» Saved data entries
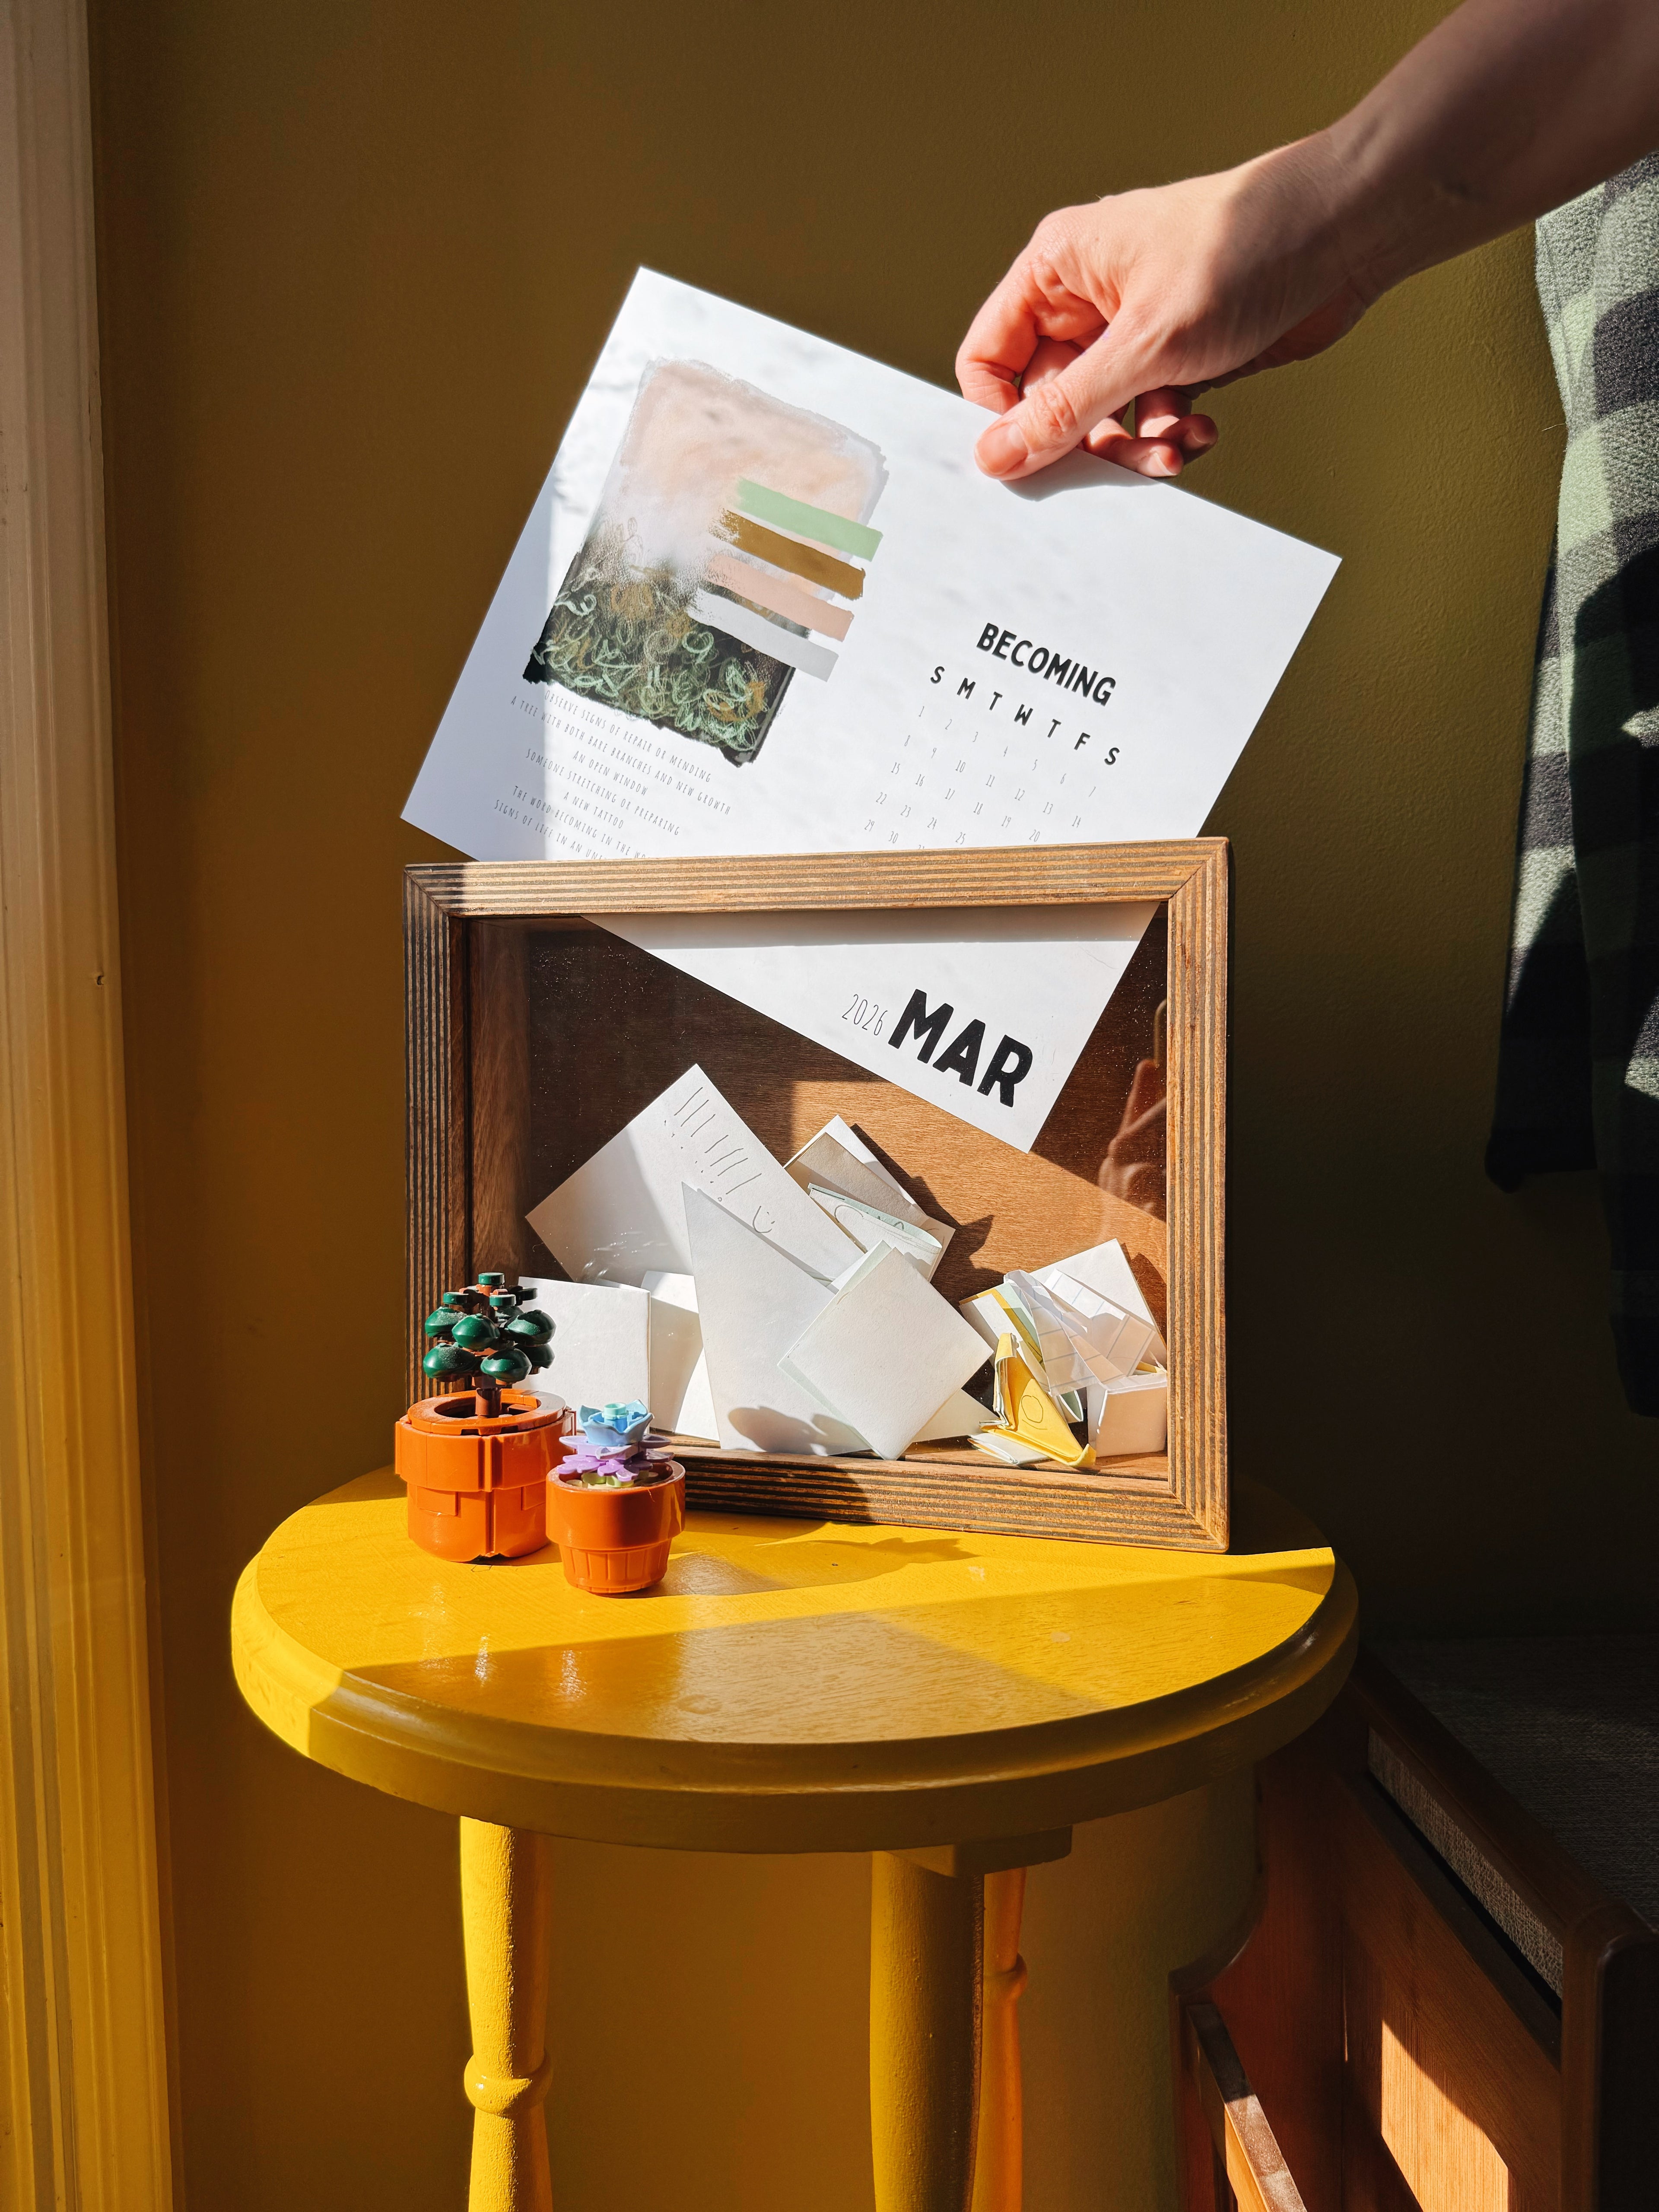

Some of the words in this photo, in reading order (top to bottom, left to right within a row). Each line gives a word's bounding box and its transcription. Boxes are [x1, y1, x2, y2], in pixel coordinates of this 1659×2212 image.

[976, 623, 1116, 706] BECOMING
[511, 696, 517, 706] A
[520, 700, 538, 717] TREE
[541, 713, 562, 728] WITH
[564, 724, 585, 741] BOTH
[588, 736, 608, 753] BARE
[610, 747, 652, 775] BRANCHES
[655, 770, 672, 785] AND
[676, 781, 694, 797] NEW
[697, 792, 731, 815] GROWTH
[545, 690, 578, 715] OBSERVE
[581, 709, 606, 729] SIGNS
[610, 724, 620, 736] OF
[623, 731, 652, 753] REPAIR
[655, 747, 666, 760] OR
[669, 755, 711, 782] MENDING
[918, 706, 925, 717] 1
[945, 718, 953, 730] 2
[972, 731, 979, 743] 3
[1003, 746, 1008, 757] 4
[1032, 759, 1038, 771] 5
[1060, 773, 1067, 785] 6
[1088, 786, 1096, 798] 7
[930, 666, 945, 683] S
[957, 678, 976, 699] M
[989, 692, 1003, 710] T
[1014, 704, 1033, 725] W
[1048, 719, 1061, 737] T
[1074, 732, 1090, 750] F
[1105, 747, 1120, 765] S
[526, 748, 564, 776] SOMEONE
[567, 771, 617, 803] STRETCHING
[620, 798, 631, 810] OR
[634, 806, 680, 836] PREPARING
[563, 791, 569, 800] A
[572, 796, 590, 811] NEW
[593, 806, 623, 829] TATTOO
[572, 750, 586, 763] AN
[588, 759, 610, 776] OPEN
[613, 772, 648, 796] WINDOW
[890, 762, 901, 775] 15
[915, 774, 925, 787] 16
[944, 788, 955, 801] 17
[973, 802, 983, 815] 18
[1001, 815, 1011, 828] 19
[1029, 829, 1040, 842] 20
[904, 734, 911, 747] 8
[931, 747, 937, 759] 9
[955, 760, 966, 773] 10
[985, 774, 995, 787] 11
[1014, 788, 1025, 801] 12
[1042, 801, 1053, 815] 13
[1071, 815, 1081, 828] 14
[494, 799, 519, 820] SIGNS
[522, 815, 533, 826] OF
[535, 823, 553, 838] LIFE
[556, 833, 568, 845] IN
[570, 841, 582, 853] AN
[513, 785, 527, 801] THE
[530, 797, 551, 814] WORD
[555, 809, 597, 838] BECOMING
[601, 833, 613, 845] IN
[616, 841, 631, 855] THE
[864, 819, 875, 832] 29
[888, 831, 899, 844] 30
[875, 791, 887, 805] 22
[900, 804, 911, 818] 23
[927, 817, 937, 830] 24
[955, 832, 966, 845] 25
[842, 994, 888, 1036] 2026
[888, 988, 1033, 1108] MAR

» REQUIREMENT
Count how many lines of the data include the word "BECOMING". Your reply should be that number alone.

» RESULT BELOW
2